La conviction du comité à cet égard est résolument que la superposition des normes d’inspiration diverses aujourd’hui additionnées dans le Préambule est l’une des richesses les plus précieuses de la démocratie française et qu’il serait dangereux de lui porter atteinte. Le cas du droit de grève donne de cela un bon exemple : c’est parce que ce droit est protégé, mais qu’il doit également être concilié avec l’obligation d’assurer une certaine continuité du service public, qu’il en est fait aujourd’hui une interprétation respectueuse des différents intérêts en présence, publics comme privés. Toute préférence radicale donnée d’un côté ou de l’autre n’aboutirait qu’à un déséquilibre grave et contraire à l’esprit d’une démocratie pacifiée.
Dans l’esprit du comité, il est fondamentalement vertueux que soit requise la conciliation des normes successivement additionnées par l’histoire de notre République et que le législateur comme le juge soient chargés de l’opérer et de la contrôler au cas par cas, de manière circonstanciée. De nouveau, il existe là un point d’équilibre éprouvé, auquel il est nécessaire et prudent de ne pas toucher.
 En troisième lieu, le choix d’une réécriture globale du Préambule ferait courir de réels risques d’insécurité juridique. Les normes et les notions en cause présentent un contenu délicat et évolutif dans le temps. La jurisprudence a beaucoup contribué à assurer cette précision progressive. Aussi bien, il serait mal venu de perturber sinon de déstabiliser voire d’affaiblir l’édifice juridique ainsi patiemment élaboré et perfectionné. On reviendra d’ailleurs sur ce problème plus avant.
 En quatrième lieu, le comité a observé que le pouvoir constituant, dans la période la plus récente, ne s’est pas départi de cette attitude respectueuse vis-à-vis du legs de 1789 et de 1946. La constitutionnalisation de la Charte de l’environnement en mars 2005 s’est faite sous la forme d’un ajout pur et simple d’un nouvel étage à l’édifice constitutionnel, sans modification et a fortiori sans retranchement par rapport à l’existant. La plus grande continuité d’esprit se confirme donc jusqu’à aujourd’hui en ce qui concerne la méthode utilisée pour faire évoluer le corpus des droits fondamentaux issus du Préambule.

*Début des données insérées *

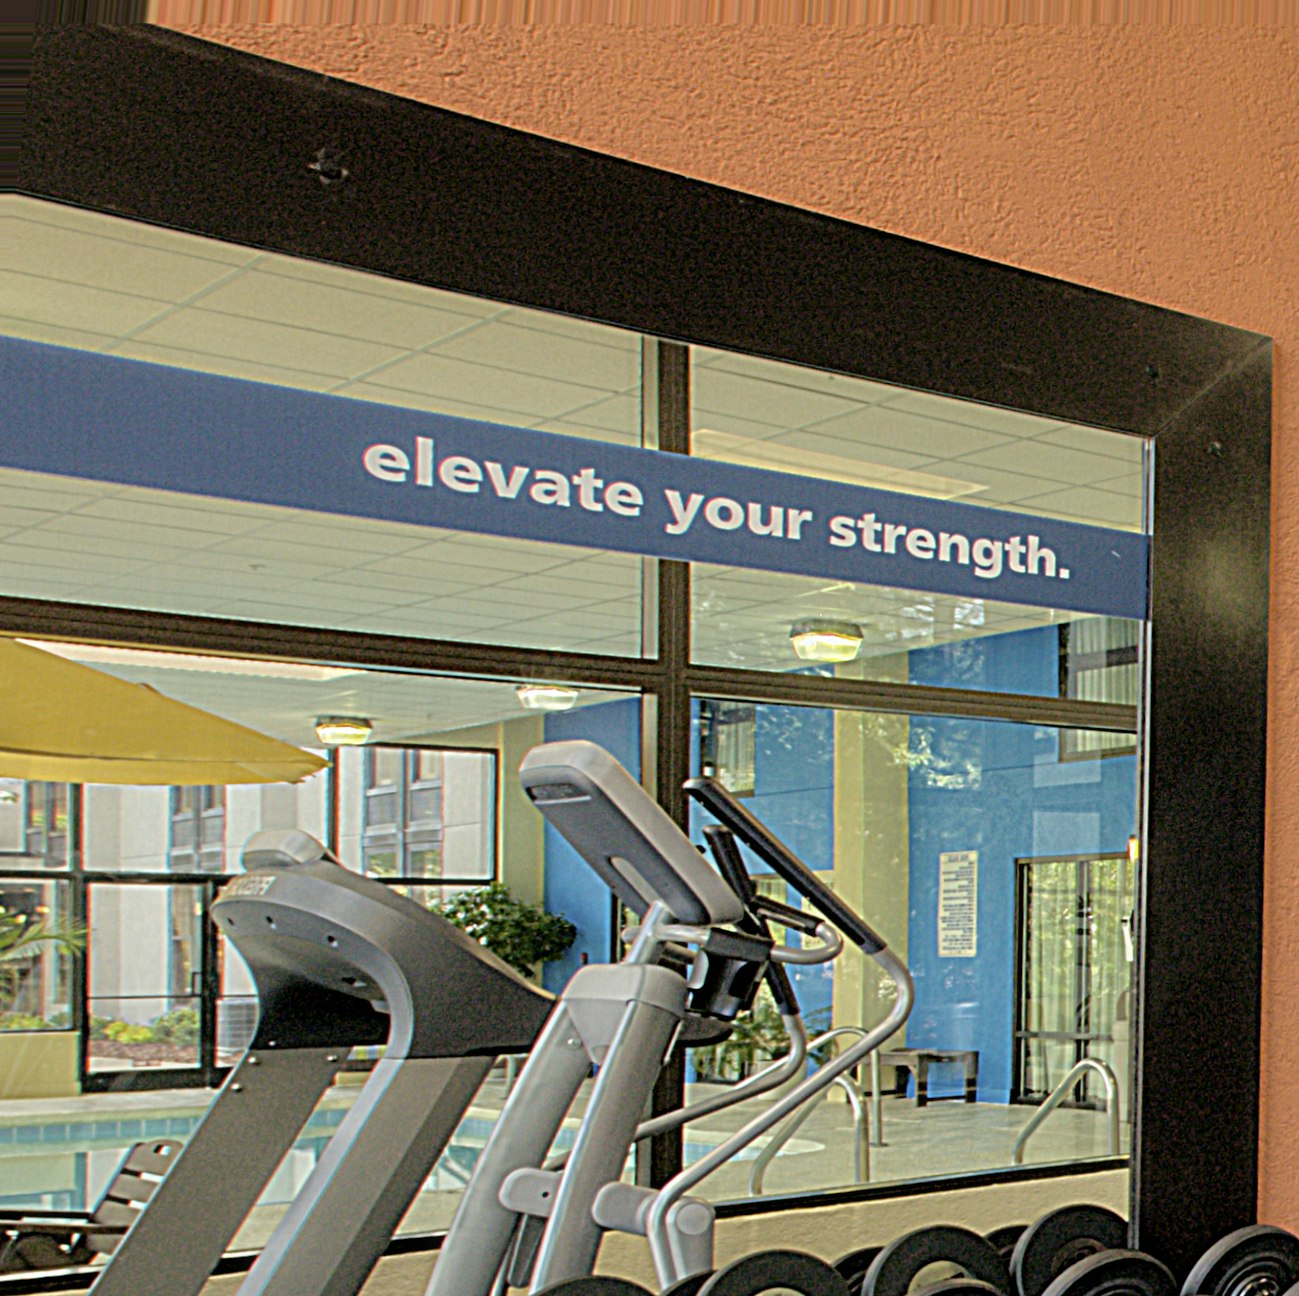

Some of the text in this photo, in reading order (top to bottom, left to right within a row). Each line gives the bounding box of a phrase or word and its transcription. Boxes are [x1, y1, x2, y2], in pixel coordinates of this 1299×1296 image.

[362, 436, 1072, 580] elevate your strength.

Pour toutes ces raisons, le comité a estimé qu’il devait en tout point respecter la tradition historique de stratification successive des normes constitutionnelles (en ce compris l’exigence de conciliation permanente de celles-ci). Il a donc conçu que son office devait strictement se limiter à proposer d’éventuelles adjonctions à celui-ci, sur le même mode que celui retenu pour “l’adossement” au Préambule de la Charte de l’environnement.